Hosted by The Society Pages, which is a hub for social science blogs and websites, Sociological Images is a blog that is updated daily and often between two and four times a day. The posts are written by Gwen Sharp, Lisa Wade and guest contributors. Each post usually features an image, such as a graph, advertisement, commercial, video clip, product, or screenshot, as well as commentary about the image; most of these images are taken from mainstream websites, other social science sites, or reader submissions. Around 50% of the blog posts focus on analyzing these visual elements of culture. The blog covers a wide variety of sociological topics, such as gender inequality, data mapping, homelessness, lesbian politics, and the environment. The most common topics are gender, sexuality, class, nationalism, race, ethnicity, marketing, and body image; in particular, the site focuses on how American popular culture perpetuates gender inequities. Many of the posts are based on items sent in by readers which Wade and Sharp then analyze; they receive an average of 15 to 20 items per day. According to Wade and Sharp, "involvement of the readership in this way has undoubtedly been key to the site's success; not only does it ensure a steady stream of content, but it creates a personal connection to the site and engages readers more actively in applying the sociological perspective as they look for relevant examples to submit". The site also collects popular posts under its "trending" tab, recommends posts under "editor's favorites", and references to posts in the media under "In the News". As of May 2012, the site had over 4,000 posts archived.

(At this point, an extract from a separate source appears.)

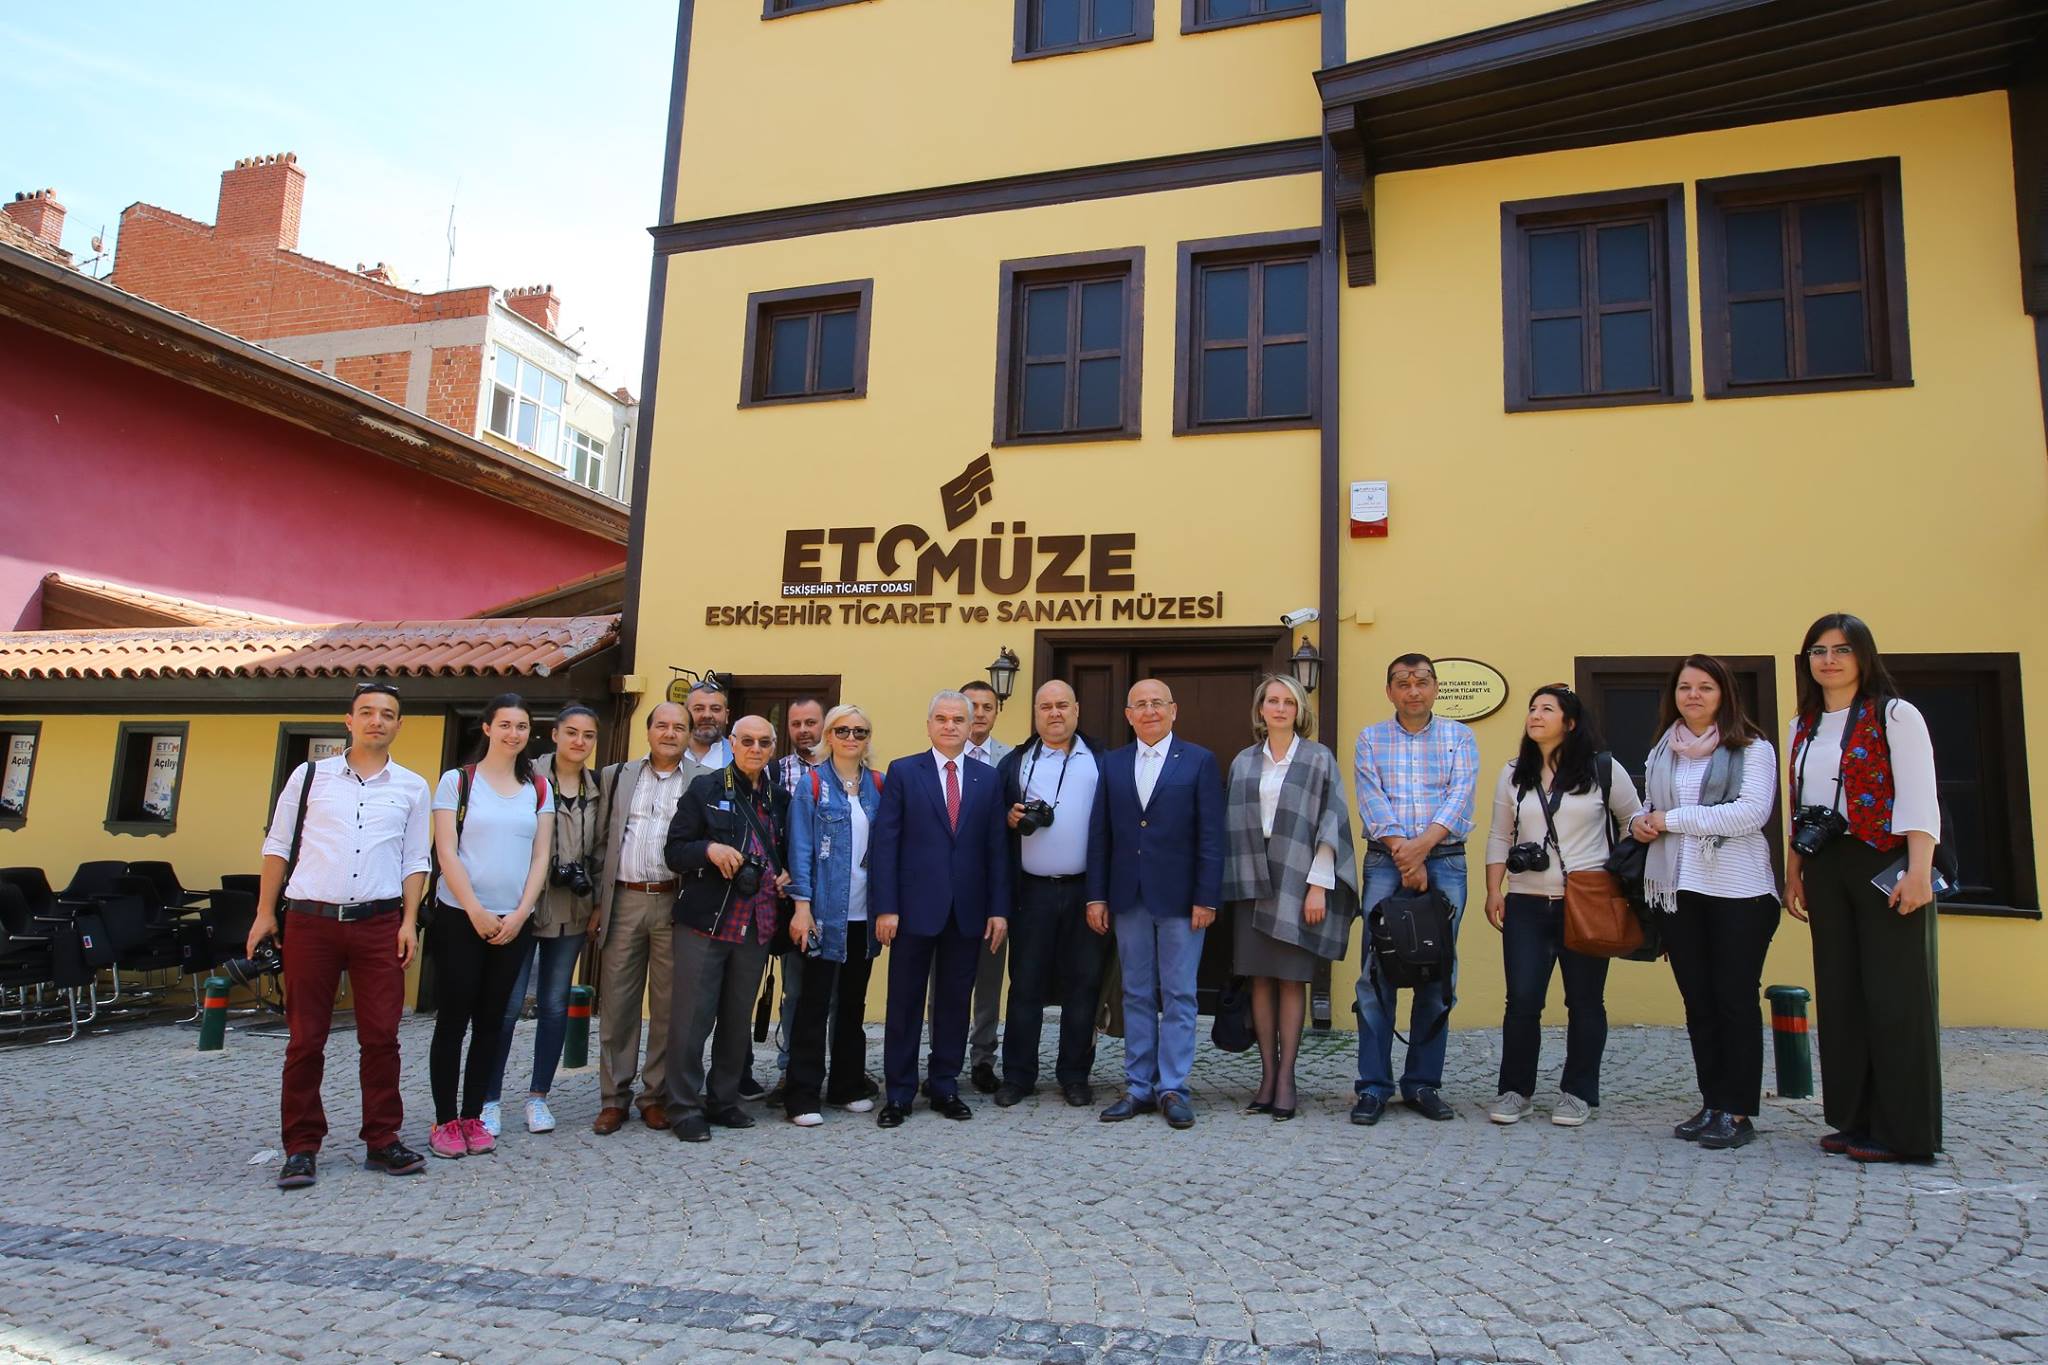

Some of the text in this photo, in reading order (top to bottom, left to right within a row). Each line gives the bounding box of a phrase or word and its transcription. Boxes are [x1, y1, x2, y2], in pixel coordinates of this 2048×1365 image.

[783, 582, 913, 596] ESKİŞEHİR TİCARET ODASI
[705, 591, 1223, 630] ESKİŞEHİR TİCARET ve SANAYİ MÜZESİ

The tagline of the blog—"Inspiring sociological imaginations everywhere"—is taken from C. Wright Mills, a famous sociologist. As Wade explains, sociology for her is designed "to explain social patterns outside the individual" by looking at how culture and institutions affect individuals. Sharp points out that for readers of the blog, sociology can explain why they and their friends enjoy the same brands or how advertising perpetuates gender stereotypes.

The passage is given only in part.